MATERIALS AND METHODS

Study design and patient population

For the present study, data from the CONTRAST study (ClinicalTrials.gov NCT00205556) were used. CONTRAST was a randomized controlled clinical trial evaluating the effect of online post-dilution HDF versus low-flux HD on mortality and cardiovascular outcomes. The methods of the CONTRAST study have been described elsewhere [22, 26]. In short, data were collected in 29 dialysis centres in The Netherlands, Canada and Norway between 2004 and 2010. Adult patients with ESRD on HD two or three times weekly for at least 2 months were eligible for inclusion. Exclusion criteria were treatment with HDF or high-flux HD in the 6 months prior to randomization, an expected lifespan >3 months, severe non-compliance to dialysis treatment or participation in another clinical intervention trial. CONTRAST was conducted in accordance with the Declaration of Helsinki and Good Clinical Practice guidelines and was approved by central and all local medical ethics review boards. Before enrolment, written informed consent was obtained from all participants [26].

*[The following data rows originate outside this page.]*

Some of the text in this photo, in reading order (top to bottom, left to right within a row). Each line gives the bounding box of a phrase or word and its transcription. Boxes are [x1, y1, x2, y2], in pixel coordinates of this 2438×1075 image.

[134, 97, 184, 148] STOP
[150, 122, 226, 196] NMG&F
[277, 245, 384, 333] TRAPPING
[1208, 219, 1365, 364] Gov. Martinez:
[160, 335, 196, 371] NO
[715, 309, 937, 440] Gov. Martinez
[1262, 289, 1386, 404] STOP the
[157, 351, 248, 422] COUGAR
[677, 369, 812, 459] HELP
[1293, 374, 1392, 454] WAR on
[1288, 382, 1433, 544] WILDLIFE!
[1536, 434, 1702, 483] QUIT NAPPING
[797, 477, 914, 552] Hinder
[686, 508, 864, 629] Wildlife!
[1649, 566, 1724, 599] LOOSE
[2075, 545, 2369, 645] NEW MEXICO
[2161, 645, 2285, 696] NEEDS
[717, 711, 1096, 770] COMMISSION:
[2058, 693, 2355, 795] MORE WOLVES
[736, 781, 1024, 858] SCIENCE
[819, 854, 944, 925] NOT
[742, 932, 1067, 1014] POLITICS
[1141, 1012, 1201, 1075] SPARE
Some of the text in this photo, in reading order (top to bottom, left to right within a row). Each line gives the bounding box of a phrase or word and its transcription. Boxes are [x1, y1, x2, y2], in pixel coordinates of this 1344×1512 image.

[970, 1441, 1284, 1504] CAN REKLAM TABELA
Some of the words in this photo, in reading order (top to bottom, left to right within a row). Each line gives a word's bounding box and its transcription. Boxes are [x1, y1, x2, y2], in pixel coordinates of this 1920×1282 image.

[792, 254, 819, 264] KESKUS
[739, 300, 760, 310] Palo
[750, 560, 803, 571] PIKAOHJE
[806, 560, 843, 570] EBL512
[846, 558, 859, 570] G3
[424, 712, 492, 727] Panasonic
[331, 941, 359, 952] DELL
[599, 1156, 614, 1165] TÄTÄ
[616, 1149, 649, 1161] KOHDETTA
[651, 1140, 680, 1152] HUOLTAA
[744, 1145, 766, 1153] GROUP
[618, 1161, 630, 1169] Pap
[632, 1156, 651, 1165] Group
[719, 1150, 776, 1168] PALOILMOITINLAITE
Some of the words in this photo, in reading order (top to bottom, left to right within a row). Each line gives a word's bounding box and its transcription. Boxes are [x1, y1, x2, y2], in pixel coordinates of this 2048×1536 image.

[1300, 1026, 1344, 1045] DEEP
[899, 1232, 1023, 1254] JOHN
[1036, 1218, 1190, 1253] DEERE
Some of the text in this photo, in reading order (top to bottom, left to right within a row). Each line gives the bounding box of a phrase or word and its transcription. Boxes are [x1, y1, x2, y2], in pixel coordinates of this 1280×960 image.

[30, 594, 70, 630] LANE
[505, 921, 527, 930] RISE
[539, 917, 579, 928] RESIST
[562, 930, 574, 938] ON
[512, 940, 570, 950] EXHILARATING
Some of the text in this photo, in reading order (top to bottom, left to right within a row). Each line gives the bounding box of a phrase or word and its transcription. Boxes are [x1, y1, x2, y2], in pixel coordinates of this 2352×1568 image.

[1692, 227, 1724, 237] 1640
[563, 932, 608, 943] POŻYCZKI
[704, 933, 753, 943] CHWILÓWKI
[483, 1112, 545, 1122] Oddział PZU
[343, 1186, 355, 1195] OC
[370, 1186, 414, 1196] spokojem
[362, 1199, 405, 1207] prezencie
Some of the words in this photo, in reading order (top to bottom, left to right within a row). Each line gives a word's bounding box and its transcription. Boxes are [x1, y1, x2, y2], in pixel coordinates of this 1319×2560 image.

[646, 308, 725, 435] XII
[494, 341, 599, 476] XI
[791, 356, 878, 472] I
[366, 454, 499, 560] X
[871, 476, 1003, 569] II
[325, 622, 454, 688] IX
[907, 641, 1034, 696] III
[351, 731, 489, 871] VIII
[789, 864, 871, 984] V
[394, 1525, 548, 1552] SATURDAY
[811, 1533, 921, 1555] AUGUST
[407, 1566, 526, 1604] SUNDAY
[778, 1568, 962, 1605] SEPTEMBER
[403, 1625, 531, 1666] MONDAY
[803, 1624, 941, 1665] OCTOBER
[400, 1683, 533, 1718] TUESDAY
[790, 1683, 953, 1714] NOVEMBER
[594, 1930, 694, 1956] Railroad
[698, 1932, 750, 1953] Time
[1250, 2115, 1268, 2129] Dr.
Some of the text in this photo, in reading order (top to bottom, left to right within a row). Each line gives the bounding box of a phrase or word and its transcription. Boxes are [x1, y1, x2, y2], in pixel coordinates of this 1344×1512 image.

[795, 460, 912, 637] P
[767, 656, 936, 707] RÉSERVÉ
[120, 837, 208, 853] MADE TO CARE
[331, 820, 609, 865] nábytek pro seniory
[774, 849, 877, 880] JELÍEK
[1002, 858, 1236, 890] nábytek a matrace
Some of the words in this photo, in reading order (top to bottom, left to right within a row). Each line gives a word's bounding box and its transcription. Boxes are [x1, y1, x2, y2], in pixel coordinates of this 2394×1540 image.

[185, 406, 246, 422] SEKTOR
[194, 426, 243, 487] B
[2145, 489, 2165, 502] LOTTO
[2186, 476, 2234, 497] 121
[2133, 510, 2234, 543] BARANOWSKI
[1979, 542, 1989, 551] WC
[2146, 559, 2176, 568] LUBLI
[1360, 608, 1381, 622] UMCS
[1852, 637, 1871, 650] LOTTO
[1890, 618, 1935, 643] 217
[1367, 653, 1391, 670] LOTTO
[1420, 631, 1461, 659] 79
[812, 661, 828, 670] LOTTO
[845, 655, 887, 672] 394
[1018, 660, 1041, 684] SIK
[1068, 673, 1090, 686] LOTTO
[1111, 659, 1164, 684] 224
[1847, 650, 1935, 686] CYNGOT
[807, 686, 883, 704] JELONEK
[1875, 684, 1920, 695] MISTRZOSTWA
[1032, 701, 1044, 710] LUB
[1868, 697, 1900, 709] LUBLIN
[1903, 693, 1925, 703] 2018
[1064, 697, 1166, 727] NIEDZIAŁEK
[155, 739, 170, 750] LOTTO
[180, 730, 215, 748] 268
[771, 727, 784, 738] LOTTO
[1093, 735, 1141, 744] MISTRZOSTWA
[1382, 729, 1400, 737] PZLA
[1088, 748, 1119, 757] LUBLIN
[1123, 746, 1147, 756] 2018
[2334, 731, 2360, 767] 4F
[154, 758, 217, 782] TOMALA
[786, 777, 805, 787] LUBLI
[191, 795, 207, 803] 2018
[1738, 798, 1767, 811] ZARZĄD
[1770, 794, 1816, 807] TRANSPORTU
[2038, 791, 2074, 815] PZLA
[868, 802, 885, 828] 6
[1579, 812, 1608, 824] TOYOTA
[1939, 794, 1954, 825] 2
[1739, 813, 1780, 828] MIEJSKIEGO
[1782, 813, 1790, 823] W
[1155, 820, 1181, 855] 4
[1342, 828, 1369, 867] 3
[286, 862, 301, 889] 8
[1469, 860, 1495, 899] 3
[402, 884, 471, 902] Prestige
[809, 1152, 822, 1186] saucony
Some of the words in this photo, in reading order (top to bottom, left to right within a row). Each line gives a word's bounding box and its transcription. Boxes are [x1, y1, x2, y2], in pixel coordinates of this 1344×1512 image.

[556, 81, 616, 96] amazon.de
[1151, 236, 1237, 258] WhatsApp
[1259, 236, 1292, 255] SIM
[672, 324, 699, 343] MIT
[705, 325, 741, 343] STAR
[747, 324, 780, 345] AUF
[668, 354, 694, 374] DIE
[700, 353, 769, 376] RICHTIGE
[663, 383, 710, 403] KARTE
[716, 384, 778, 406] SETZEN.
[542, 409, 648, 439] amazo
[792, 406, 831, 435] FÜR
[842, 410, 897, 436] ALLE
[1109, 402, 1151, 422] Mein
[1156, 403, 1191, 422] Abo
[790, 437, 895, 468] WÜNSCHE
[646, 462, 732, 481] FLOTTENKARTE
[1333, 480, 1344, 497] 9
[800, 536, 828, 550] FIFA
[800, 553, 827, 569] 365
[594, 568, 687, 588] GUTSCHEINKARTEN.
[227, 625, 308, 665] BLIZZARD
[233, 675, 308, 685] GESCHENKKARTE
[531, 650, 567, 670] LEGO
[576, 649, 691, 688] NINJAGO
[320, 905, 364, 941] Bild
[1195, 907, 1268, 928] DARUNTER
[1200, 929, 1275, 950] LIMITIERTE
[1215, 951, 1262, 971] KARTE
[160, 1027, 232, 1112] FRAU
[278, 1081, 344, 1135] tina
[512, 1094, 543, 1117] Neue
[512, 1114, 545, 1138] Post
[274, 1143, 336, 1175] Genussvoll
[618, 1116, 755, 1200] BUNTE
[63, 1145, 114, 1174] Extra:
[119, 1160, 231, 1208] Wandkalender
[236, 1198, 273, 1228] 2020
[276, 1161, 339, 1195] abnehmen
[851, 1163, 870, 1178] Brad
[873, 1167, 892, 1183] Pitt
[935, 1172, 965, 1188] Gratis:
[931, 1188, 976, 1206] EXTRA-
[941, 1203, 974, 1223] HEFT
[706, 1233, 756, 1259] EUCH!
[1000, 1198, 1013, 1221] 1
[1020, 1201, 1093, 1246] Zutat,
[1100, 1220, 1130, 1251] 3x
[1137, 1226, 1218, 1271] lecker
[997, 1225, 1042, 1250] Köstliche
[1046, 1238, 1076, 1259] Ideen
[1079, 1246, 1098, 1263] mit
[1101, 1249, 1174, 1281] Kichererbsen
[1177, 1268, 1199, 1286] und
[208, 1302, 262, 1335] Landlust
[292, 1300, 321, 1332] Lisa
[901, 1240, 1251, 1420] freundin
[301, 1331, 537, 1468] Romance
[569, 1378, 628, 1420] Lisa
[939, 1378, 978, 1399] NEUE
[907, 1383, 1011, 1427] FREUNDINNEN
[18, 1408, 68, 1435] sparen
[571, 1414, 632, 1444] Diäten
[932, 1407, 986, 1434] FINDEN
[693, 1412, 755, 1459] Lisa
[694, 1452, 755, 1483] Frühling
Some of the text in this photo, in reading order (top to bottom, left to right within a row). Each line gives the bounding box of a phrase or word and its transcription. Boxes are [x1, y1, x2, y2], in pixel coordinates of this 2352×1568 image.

Of the original 714 patients enrolled in CONTRAST, stored plasma samples from baseline were available in 404 patients for measurement of FGF23. Those samples originated from 17 of the 29 participating centres in the CONTRAST study, of which it was logistically feasible to collect and store extra plasma samples at −80°C [27]. Of these, plasma samples were available at Month 6 in 341 patients and at 12 months in 291 patients.

Data collection

At baseline, data on demographic characteristics, medical history, medication and duration of dialysis were recorded. Every 3 months laboratory values, medication, treatment characteristics and information on clinical events were obtained. Blood samples were drawn at the beginning of dialysis. The mean delivered convection volume (substitution volume plus net ultrafiltration) in HDF was estimated with the following formula: mean delivered convection volume = (HDF treatments/total number of treatments) × mean convection volumes of the three treatments preceding the quarterly visit [22].

Laboratory measurements

All routine laboratory measurements were analysed locally by the participating hospitals using standard laboratory techniques. From the stored samples at −80°C the C-terminal FGF23 was measured using a sandwich enzyme-linked immunosorbent assay (ELISA) (Immutopics, San Clemente, CA, USA). The intra- and interassay coefficient of variation of this assay are <5% and <16%, respectively [28]. If values were >16 000 RU/mL, then additional dilution was performed in order to optimize the validity of the test results.

Statistical analysis

Baseline characteristics were presented as proportions, means with their corresponding standard deviations or as medians with interquartile ranges (IQRs) when data had a skewed distribution.

For all mortality analyses, an intention-to-treat approach was applied. Follow-up for survival was complete, as patients who discontinued the randomized treatment (e.g. due to renal transplantation, a switch to peritoneal dialysis or moving to a non-participating centre) were still followed for cause-specific mortality until the end of the study. Since transplantation during follow-up is a competing treatment affecting mortality, all models were adjusted for transplantation by adding transplantation as a time-varying covariate, as recently suggested [29]. Adjusted models were corrected for age, diabetes, history of CVD, dialysis vintage, residual kidney function and serum phosphate concentration.

First, the relation between quartiles of baseline FGF23 concentration and all-cause mortality was analysed using Cox proportional hazard models.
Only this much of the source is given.